WHAT YOU HAVE TO DO = Copy all the records exactly, but keep the pictures out of your version.

DATA TO USE =

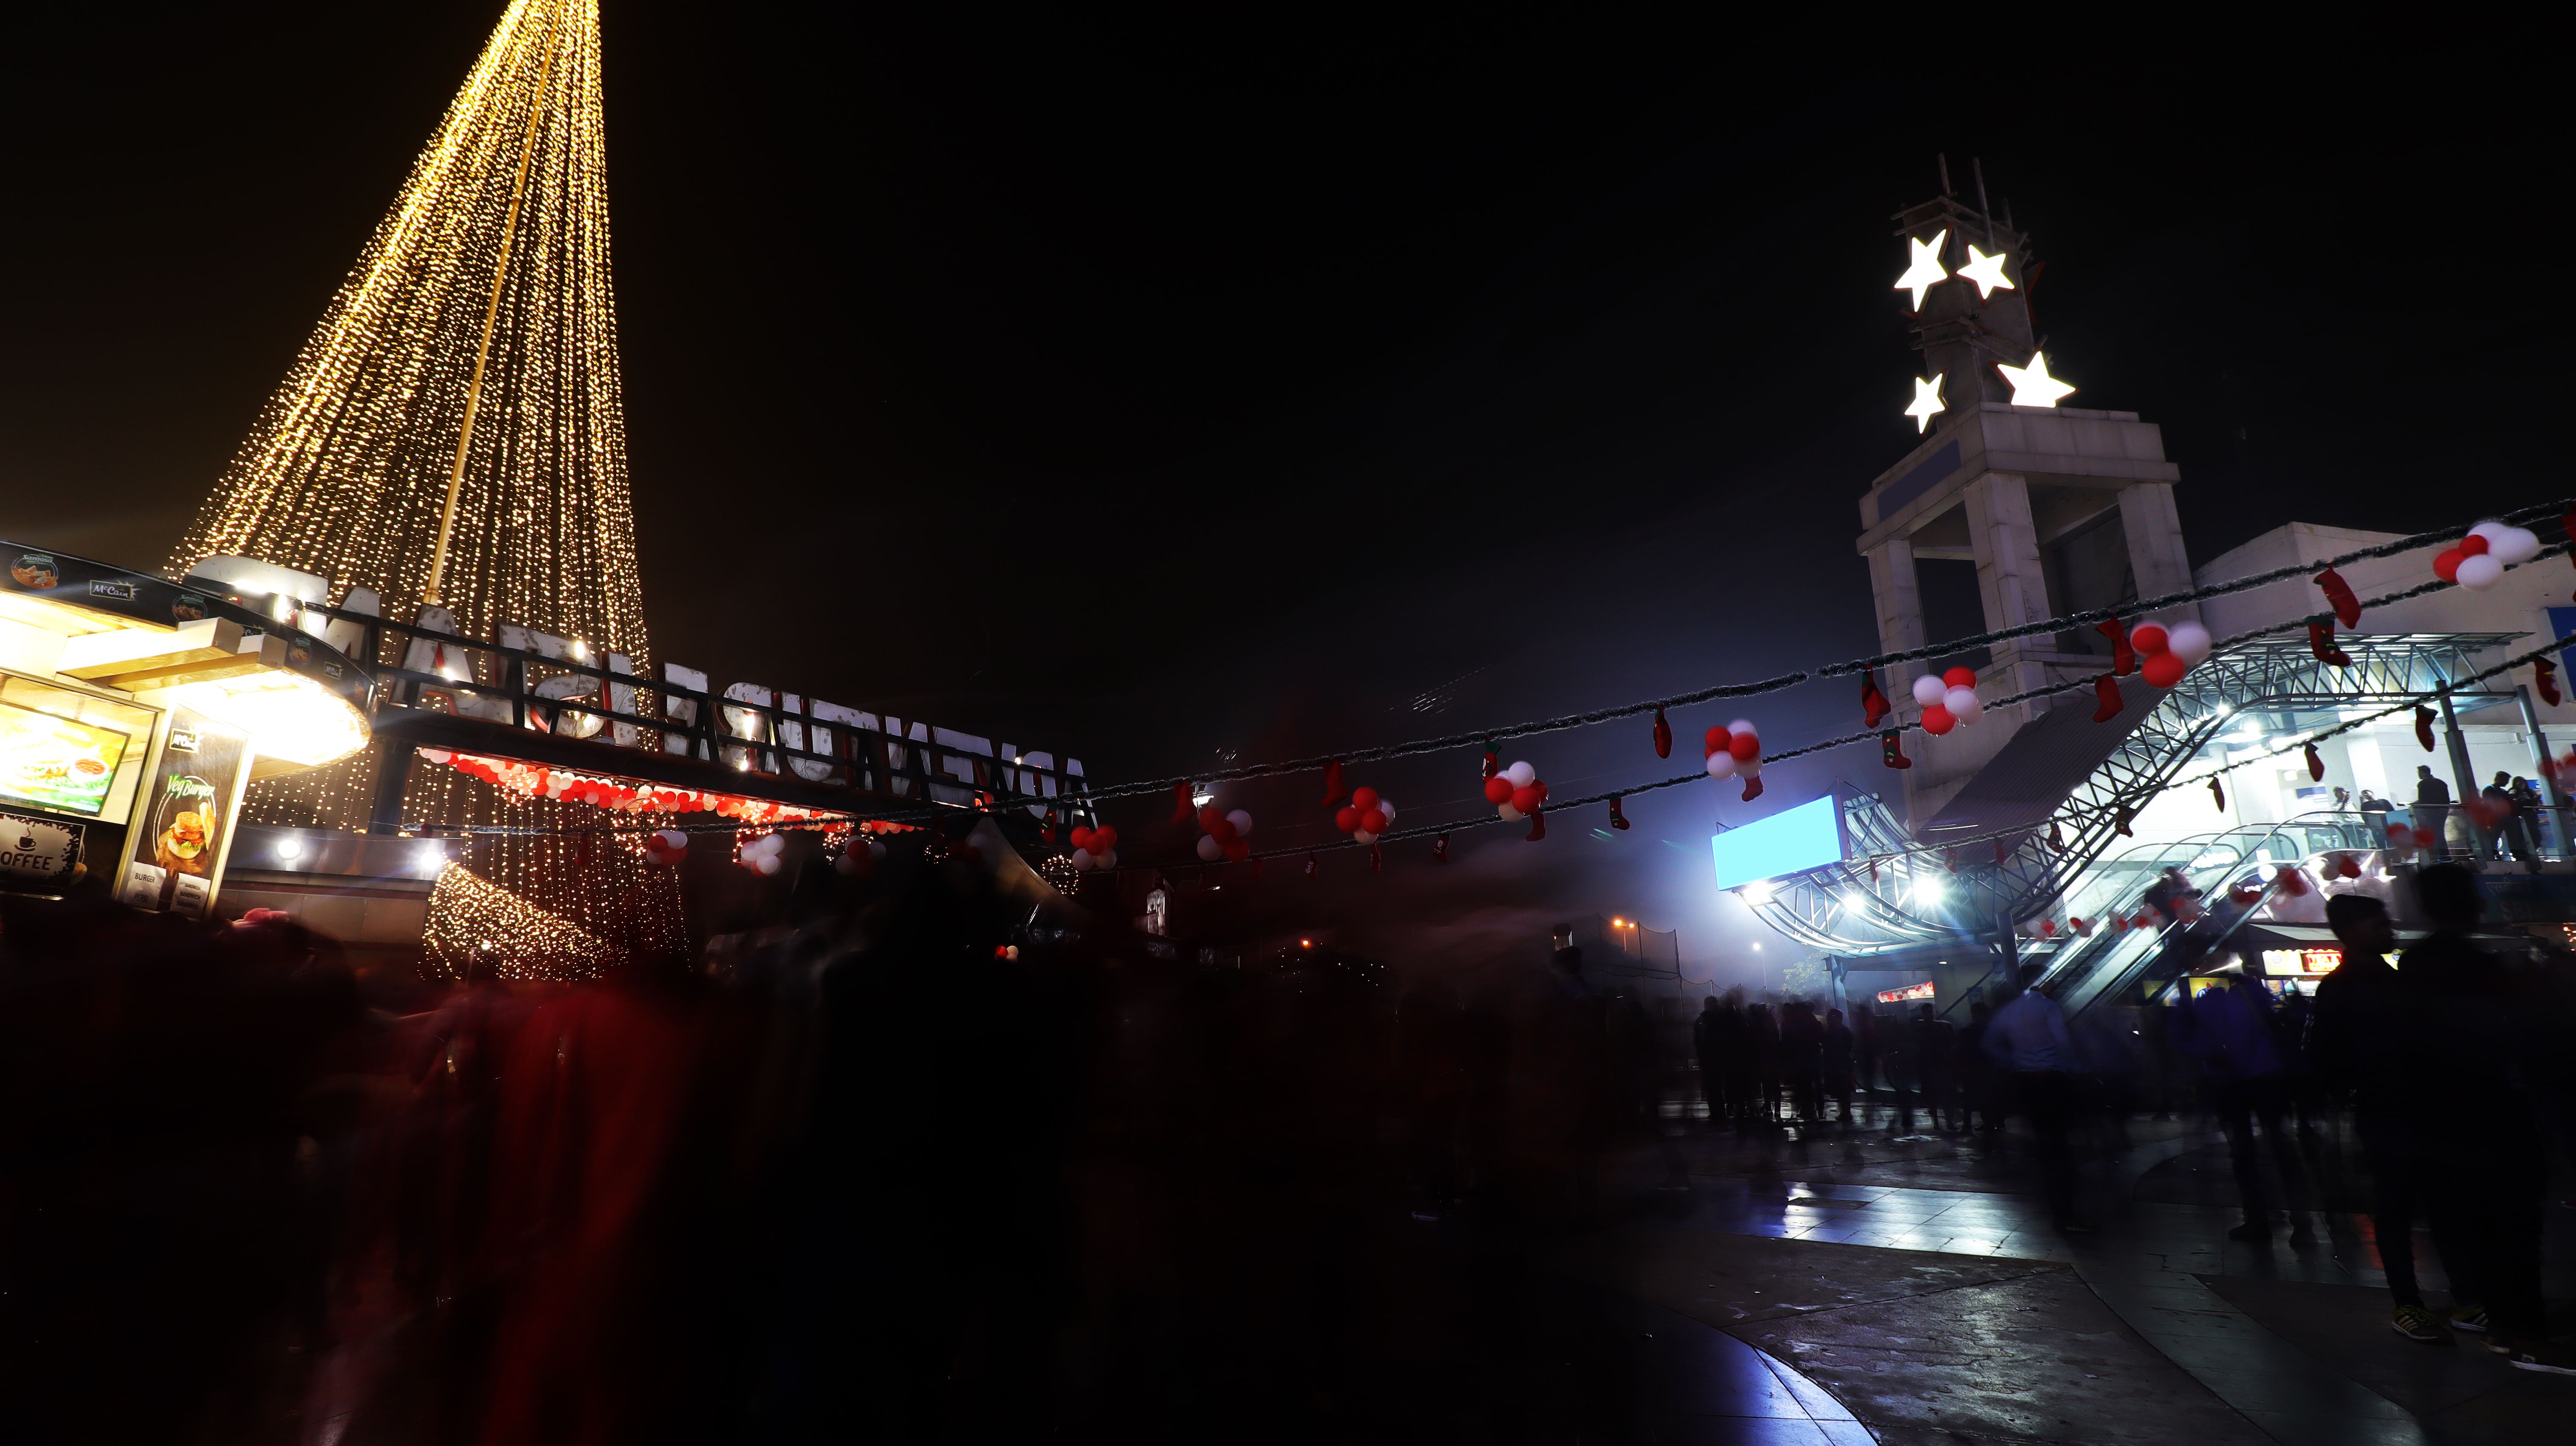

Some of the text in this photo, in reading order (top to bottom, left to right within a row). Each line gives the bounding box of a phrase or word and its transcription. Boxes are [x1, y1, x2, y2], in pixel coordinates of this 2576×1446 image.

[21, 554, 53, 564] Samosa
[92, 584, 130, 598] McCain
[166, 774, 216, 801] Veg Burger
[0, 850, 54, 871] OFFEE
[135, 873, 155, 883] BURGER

EXERCISE RESULT =
Some of the text in this photo, in reading order (top to bottom, left to right within a row). Each line gives the bounding box of a phrase or word and its transcription. Boxes are [x1, y1, x2, y2], in pixel coordinates of this 2576×1446 image.

[21, 554, 53, 564] Samosa
[92, 584, 130, 598] McCain
[166, 774, 216, 801] Veg Burger
[0, 850, 54, 871] OFFEE
[135, 873, 155, 883] BURGER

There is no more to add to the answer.